Data in this exercise below:

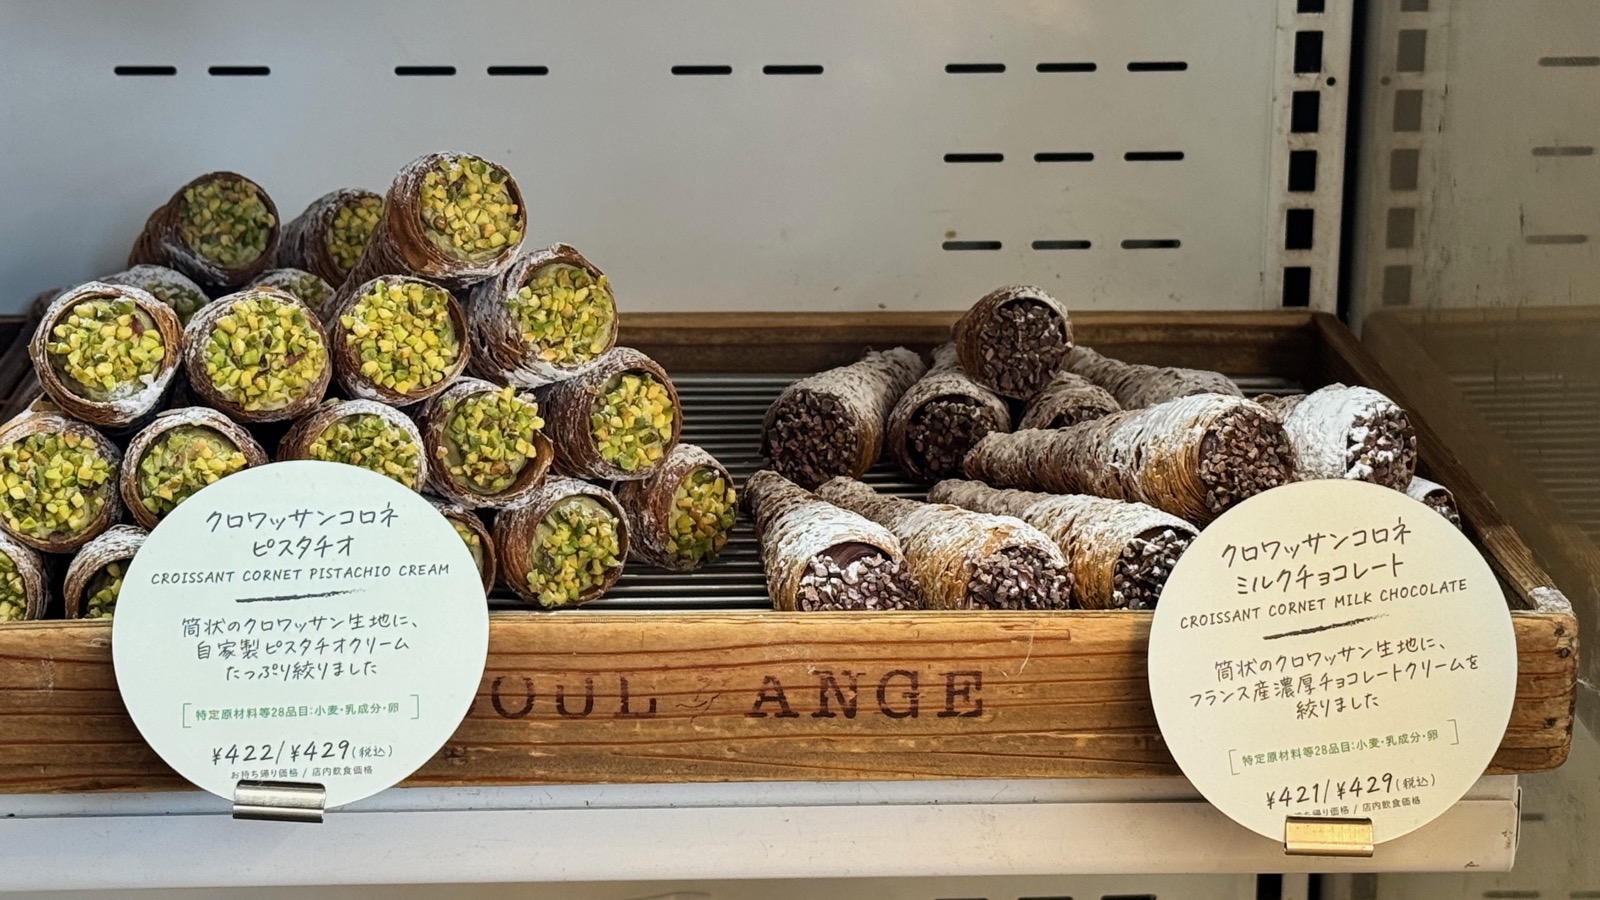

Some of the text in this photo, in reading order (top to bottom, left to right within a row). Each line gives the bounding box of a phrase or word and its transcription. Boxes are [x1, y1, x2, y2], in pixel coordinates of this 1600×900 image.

[205, 502, 399, 532] クロワッサンコロネ
[252, 535, 355, 559] ピスタチオ
[1221, 517, 1412, 568] クロワッサンコロネ
[151, 563, 449, 585] CROISSANT CORNET PISTACHIO CREAM
[1236, 552, 1405, 596] ミルクチョコレート
[1180, 578, 1468, 629] CROISSANT CORNET MILK CHOCOLATE
[181, 613, 418, 638] 筒状のクロワッサン生地に、
[198, 639, 409, 660] 自家製ピスタチオクリーム
[1214, 637, 1446, 682] 筒状のクロワッサン生地に、
[226, 661, 378, 681] たっぷり絞りました
[1190, 654, 1479, 708] フランス産濃厚チョコレートクリームを
[744, 668, 986, 720] ANGE
[1296, 693, 1379, 720] 絞りました
[312, 766, 373, 777] 店内飲食価格
[1362, 796, 1421, 812] 店内飲食価格

End of Data in this exercise.

### Activity
Reproduce each line of the records exactly and exclude any images.

### Response to this task
Some of the text in this photo, in reading order (top to bottom, left to right within a row). Each line gives the bounding box of a phrase or word and its transcription. Boxes are [x1, y1, x2, y2], in pixel coordinates of this 1600×900 image.

[205, 502, 399, 532] クロワッサンコロネ
[252, 535, 355, 559] ピスタチオ
[1221, 517, 1412, 568] クロワッサンコロネ
[151, 563, 449, 585] CROISSANT CORNET PISTACHIO CREAM
[1236, 552, 1405, 596] ミルクチョコレート
[1180, 578, 1468, 629] CROISSANT CORNET MILK CHOCOLATE
[181, 613, 418, 638] 筒状のクロワッサン生地に、
[198, 639, 409, 660] 自家製ピスタチオクリーム
[1214, 637, 1446, 682] 筒状のクロワッサン生地に、
[226, 661, 378, 681] たっぷり絞りました
[1190, 654, 1479, 708] フランス産濃厚チョコレートクリームを
[744, 668, 986, 720] ANGE
[1296, 693, 1379, 720] 絞りました
[312, 766, 373, 777] 店内飲食価格
[1362, 796, 1421, 812] 店内飲食価格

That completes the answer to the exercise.